The core of this mutation was the deep-seated hatred of the individual – her free development and initiative. Faced with European capitalism, in its vulgarized disguise of individual freedom the reformers, who had taken up the task of reviving the Indian culture by going back to the Vedic sources, were united in there contempt for the individual. They found in the Varna system the solution to the modern problems of nations. Caste does not necessarily have to be based on heredity but the proper division of labour and social activity based on natural hierarchies which was necessitated by the needs of social organization. Caste with natural leadership of Brahmans, was no longer justified by the metaphysics of religion became the outcome of the theology of social sciences, its theory of race, competition, gender superiority and survival of the fittest. Its aim was to serve the New God of “national interest”.

In search of this nation Brahmanism morphed into Hindutva. This new outward expression of the lust for power also explicitly presented itself as a political project and not a religious movement. Within the Hindi, Hindu, Hindustan that is to bring glory to the nation state, the Hindu is a casteist structure. This was novel. The Hindu identity for a political project was necessitated by two factors. First, the apparent feebleness of the social unity – togetherness and second, the essential principle of nationhood – unity through separation.
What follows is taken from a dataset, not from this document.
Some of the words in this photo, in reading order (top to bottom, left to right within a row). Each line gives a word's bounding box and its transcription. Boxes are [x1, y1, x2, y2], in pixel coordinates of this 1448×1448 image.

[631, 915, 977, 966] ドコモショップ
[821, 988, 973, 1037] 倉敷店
Savarkar understood this principle well – “nothing can weld peoples into a nation and nations into a state as the pressure of a common foe. Hatred separates as well as unites.” A nation is that artificial and arbitrary unit of territory and subjects that a political power has acquired for controlling and fleecing. It destroys the natural love and association with the place of birth and our immediate communities through its industrialization and directs that human feeling towards the worship of this abstraction, its symbols and submission to its policies. This form of rulership finds its fullest expression in Totalitarianism of Nazism, Bolshevism or Brahmanism.

The national identity of Hindu provided the aspect of togetherness through idea of blood, culture and language, modification of Shudhi, etc. and its separation through the idea of the Muslim. Whether the state takes refuge in the ideology and shape of Hindutva or secular nationalism – two face of the same coin, its true nature remains the same, that of attuning all human expressions to the beat of this soulless political machine in the name of “national interest”. This technical term does not include the interests of the population – free and quality education and health care, well paid jobs or free or cheap housing for all, it means the interest of the market, the interest of the war machine that is the life blood of the state – its defense from other competing states, its source of expansion outside and control within.

After the transfer of power in 1947, India has remained a fractured community with its apartheid of caste and material conditions furnished by generations of deprivation and violence. In the rural regions it maintain the old structure of control and coercion while in urban setting it modified mildly and justified the stratification by logic of hygiene and merit – that is justifying privilege with privilege itself. The new Indian state did not start a project of actively constructing a casteist state but through its passivity towards caste issues it perpetuated the caste society within the shell of a capitalist state system, each feeding off the other. The maintenance of hierarchical corporate structure that is the Hindu family and segregation through the institution of marriage. The upper castes continued their take over of bureaucracy and managerial positions in state and cultural institution, practically, without any reservation mechanism and that continue to define the Indian society till date.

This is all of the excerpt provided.